Some More Thoughts on Suit Jackets as Sport Coats…
I’ve written before about choosing suiting fabric and suit details that can help the jacket and pants to be worn as separates. The suit from which this jacket comes is neither of those. It’s a Polo Ralph Lauren suit made in Italy by Corneliani, and is a very business-ey looking lightweight charcoal grey worsted wool with faintish orange windowpaning. It has a 3 roll 2.5 lapel, flapped straight pockets, double vents, and some light shoulder padding. In other words, it looks unmistakably like an orphaned suit jacket when worn without its matching pants.
Despite that fact, I do wear it on occasion as a sport coat because the pants are a little baggy for my tastes (despite having been tapered) and have double reverse pleats (hence the limited tapering possibilities). I’ve worn the jacket with chinos on several occasions and have always felt like it looked a bit off.

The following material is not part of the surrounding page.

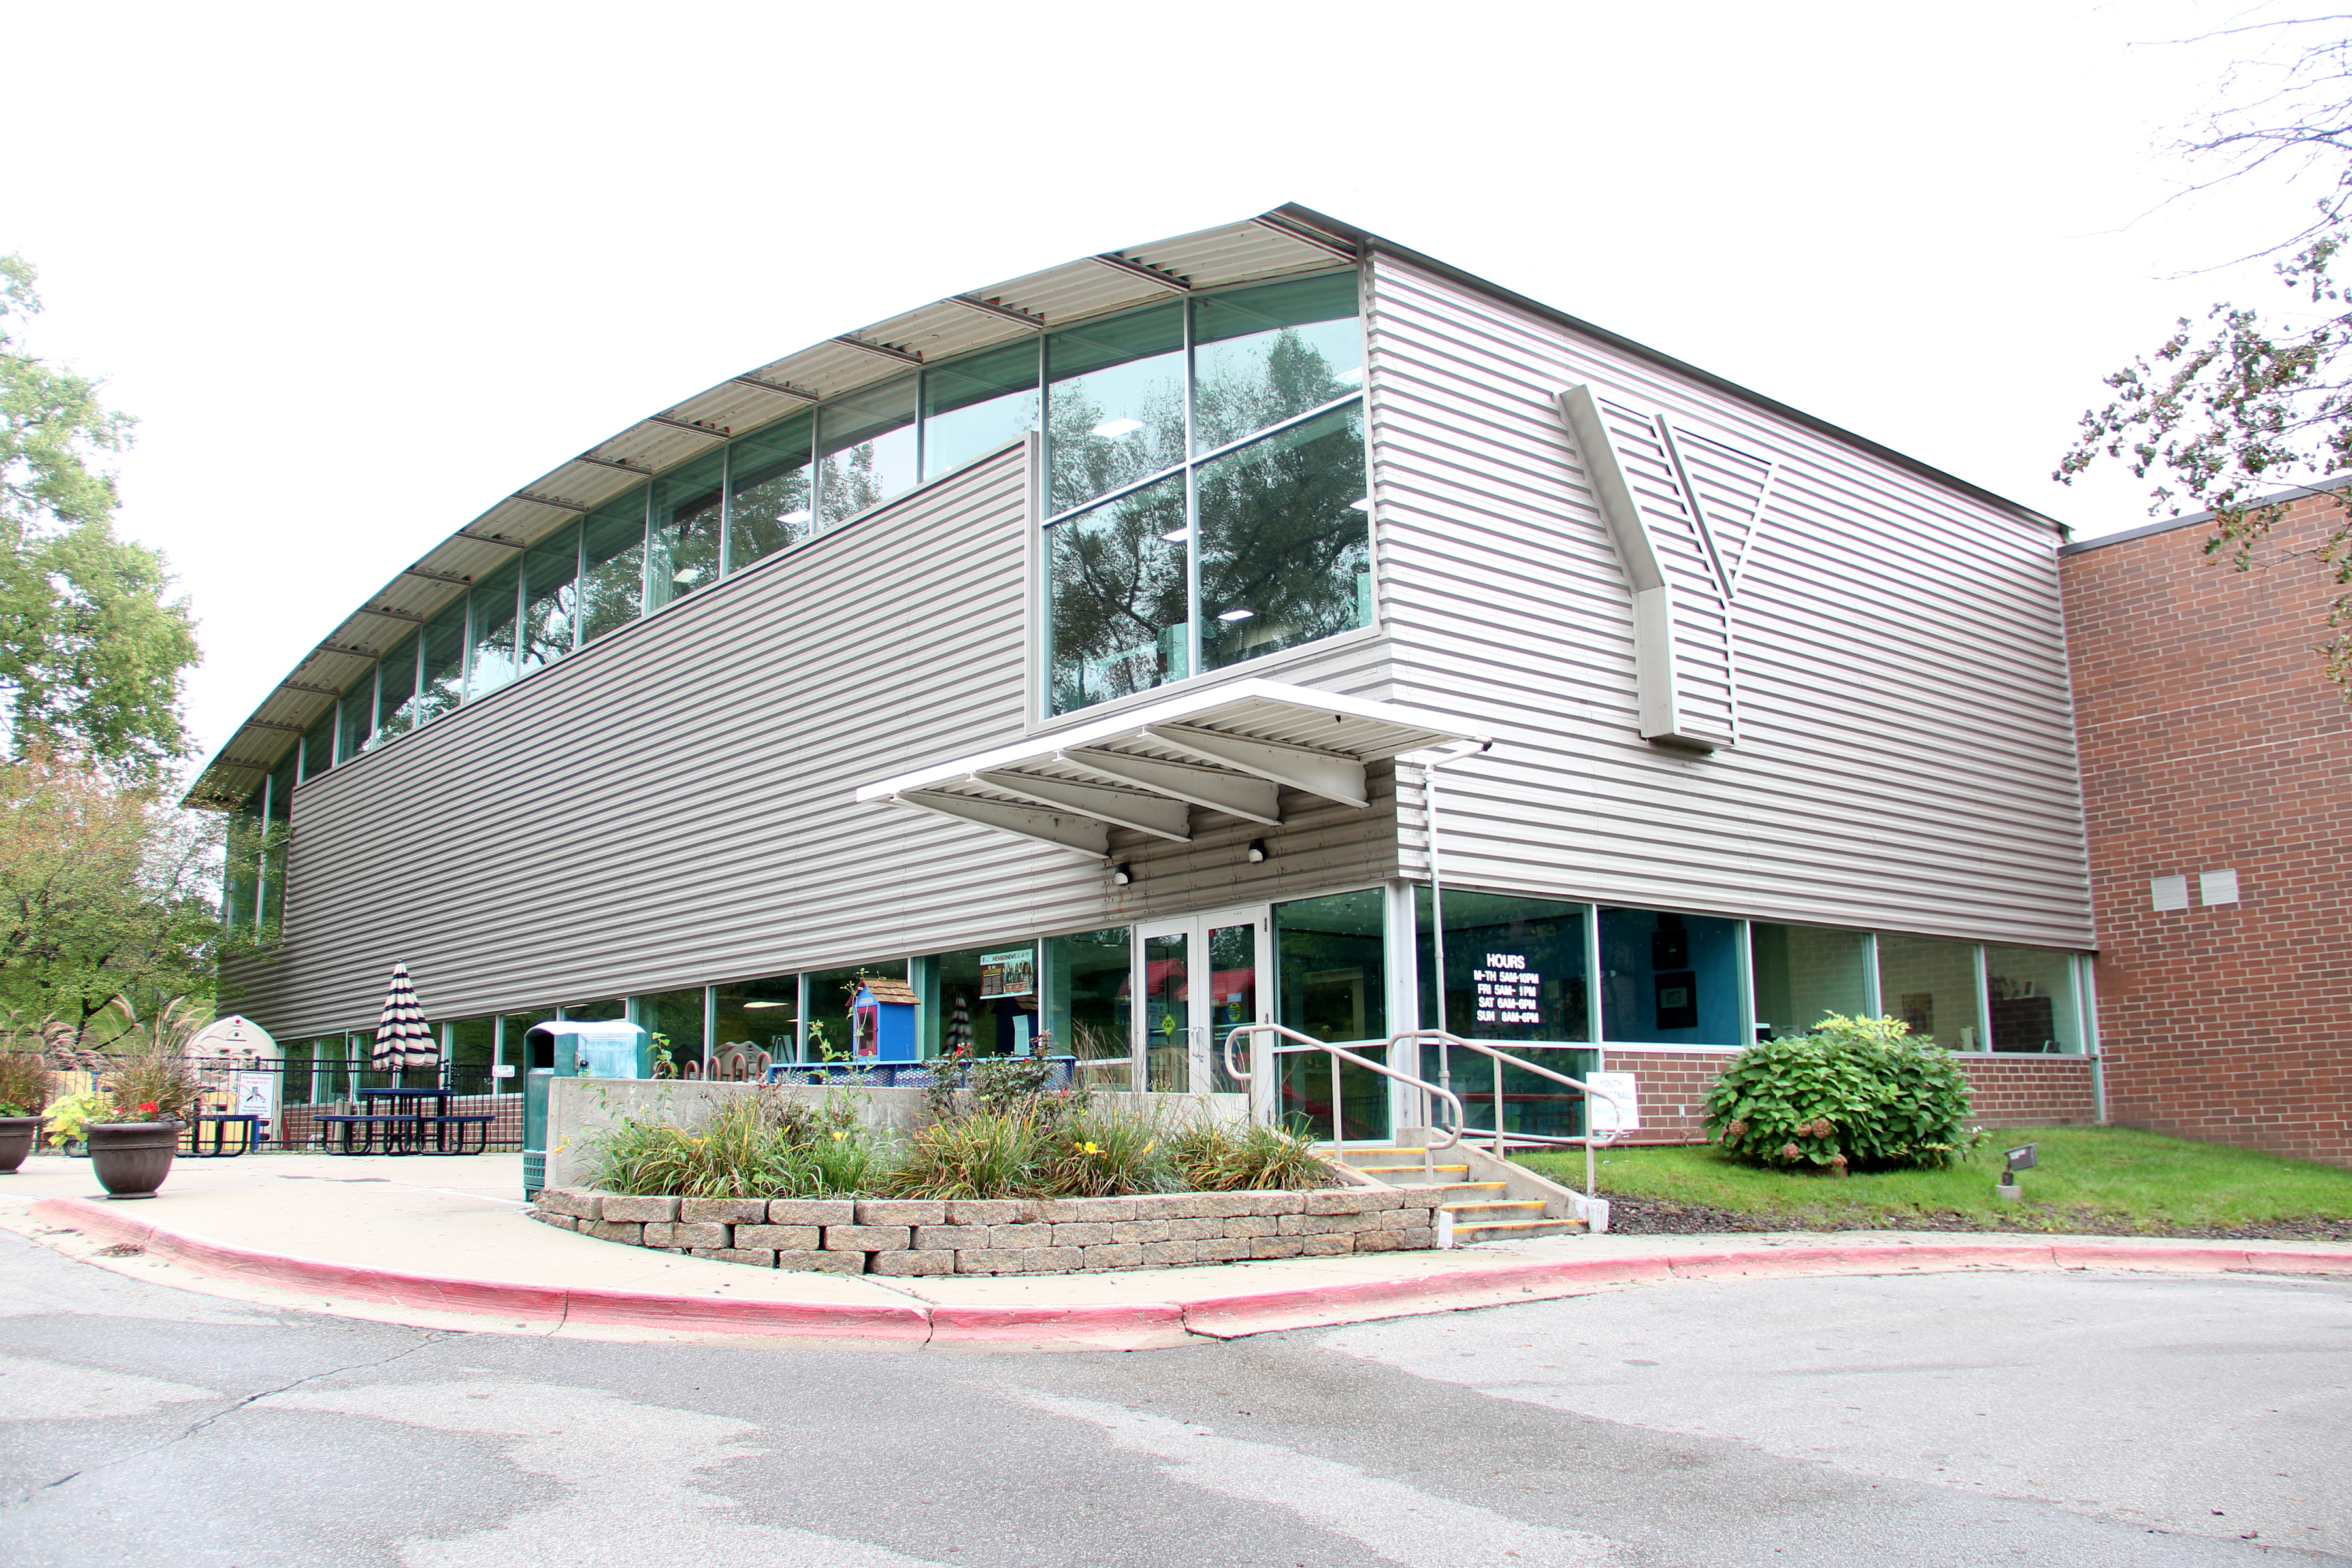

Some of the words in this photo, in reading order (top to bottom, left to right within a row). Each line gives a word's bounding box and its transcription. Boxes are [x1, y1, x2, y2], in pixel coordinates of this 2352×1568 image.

Yesterday, I thought I’d try it with some dark jeans. I was quite pleased with the results. Interestingly, toning down the formality of the bottom half of the outfit even more somehow made the jacket look less formal too, rather than highlight its clearly dressier nature. I also kept the rest of the look fairly casual with a crisp white OCBD and a lightweight merino wool v-neck sweater. I think the same jeans and jacket worn with a shirt and tie would have still looked a little too schizophrenic and unstudied. Instead, the more consciously casual combination gave the look a certain kind of intentionality, which I think can help in pulling off the orphaned suit jacket.